Task instructions: In your answer, give each entry again exactly as it appears.

Extracted entries:
--- START ---

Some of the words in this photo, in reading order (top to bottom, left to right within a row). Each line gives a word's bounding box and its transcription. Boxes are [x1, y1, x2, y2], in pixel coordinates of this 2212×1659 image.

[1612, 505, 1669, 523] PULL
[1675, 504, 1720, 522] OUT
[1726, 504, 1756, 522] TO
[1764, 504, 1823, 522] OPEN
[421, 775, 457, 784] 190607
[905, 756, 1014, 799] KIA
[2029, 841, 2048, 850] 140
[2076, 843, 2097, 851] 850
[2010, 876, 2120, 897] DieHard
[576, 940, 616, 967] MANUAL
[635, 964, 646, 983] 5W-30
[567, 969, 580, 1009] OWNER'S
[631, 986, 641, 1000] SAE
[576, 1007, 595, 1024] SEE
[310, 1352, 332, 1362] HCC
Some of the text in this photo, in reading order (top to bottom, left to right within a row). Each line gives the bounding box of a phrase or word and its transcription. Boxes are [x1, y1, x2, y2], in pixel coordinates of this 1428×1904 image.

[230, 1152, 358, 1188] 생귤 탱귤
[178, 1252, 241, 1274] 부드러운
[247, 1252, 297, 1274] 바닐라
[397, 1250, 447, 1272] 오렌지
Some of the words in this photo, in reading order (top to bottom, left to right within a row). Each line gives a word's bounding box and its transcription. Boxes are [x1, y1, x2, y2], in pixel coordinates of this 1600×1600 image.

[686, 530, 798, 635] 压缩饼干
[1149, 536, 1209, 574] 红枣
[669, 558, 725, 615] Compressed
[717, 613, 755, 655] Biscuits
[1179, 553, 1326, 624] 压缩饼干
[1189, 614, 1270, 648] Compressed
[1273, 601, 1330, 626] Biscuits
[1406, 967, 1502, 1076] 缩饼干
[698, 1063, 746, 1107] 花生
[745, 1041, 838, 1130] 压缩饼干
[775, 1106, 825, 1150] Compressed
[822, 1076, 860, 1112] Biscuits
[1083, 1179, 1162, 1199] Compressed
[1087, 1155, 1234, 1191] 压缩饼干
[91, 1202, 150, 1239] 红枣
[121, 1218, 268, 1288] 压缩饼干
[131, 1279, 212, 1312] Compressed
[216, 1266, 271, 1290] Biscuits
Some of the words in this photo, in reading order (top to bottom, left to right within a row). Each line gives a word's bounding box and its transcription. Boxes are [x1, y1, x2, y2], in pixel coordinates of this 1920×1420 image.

--- END ---

Answer to this task:
Some of the words in this photo, in reading order (top to bottom, left to right within a row). Each line gives a word's bounding box and its transcription. Boxes are [x1, y1, x2, y2], in pixel coordinates of this 2212×1659 image.

[1612, 505, 1669, 523] PULL
[1675, 504, 1720, 522] OUT
[1726, 504, 1756, 522] TO
[1764, 504, 1823, 522] OPEN
[421, 775, 457, 784] 190607
[905, 756, 1014, 799] KIA
[2029, 841, 2048, 850] 140
[2076, 843, 2097, 851] 850
[2010, 876, 2120, 897] DieHard
[576, 940, 616, 967] MANUAL
[635, 964, 646, 983] 5W-30
[567, 969, 580, 1009] OWNER'S
[631, 986, 641, 1000] SAE
[576, 1007, 595, 1024] SEE
[310, 1352, 332, 1362] HCC
Some of the text in this photo, in reading order (top to bottom, left to right within a row). Each line gives the bounding box of a phrase or word and its transcription. Boxes are [x1, y1, x2, y2], in pixel coordinates of this 1428×1904 image.

[230, 1152, 358, 1188] 생귤 탱귤
[178, 1252, 241, 1274] 부드러운
[247, 1252, 297, 1274] 바닐라
[397, 1250, 447, 1272] 오렌지
Some of the words in this photo, in reading order (top to bottom, left to right within a row). Each line gives a word's bounding box and its transcription. Boxes are [x1, y1, x2, y2], in pixel coordinates of this 1600×1600 image.

[686, 530, 798, 635] 压缩饼干
[1149, 536, 1209, 574] 红枣
[669, 558, 725, 615] Compressed
[717, 613, 755, 655] Biscuits
[1179, 553, 1326, 624] 压缩饼干
[1189, 614, 1270, 648] Compressed
[1273, 601, 1330, 626] Biscuits
[1406, 967, 1502, 1076] 缩饼干
[698, 1063, 746, 1107] 花生
[745, 1041, 838, 1130] 压缩饼干
[775, 1106, 825, 1150] Compressed
[822, 1076, 860, 1112] Biscuits
[1083, 1179, 1162, 1199] Compressed
[1087, 1155, 1234, 1191] 压缩饼干
[91, 1202, 150, 1239] 红枣
[121, 1218, 268, 1288] 压缩饼干
[131, 1279, 212, 1312] Compressed
[216, 1266, 271, 1290] Biscuits
Some of the words in this photo, in reading order (top to bottom, left to right within a row). Each line gives a word's bounding box and its transcription. Boxes are [x1, y1, x2, y2], in pixel coordinates of this 1920×1420 image.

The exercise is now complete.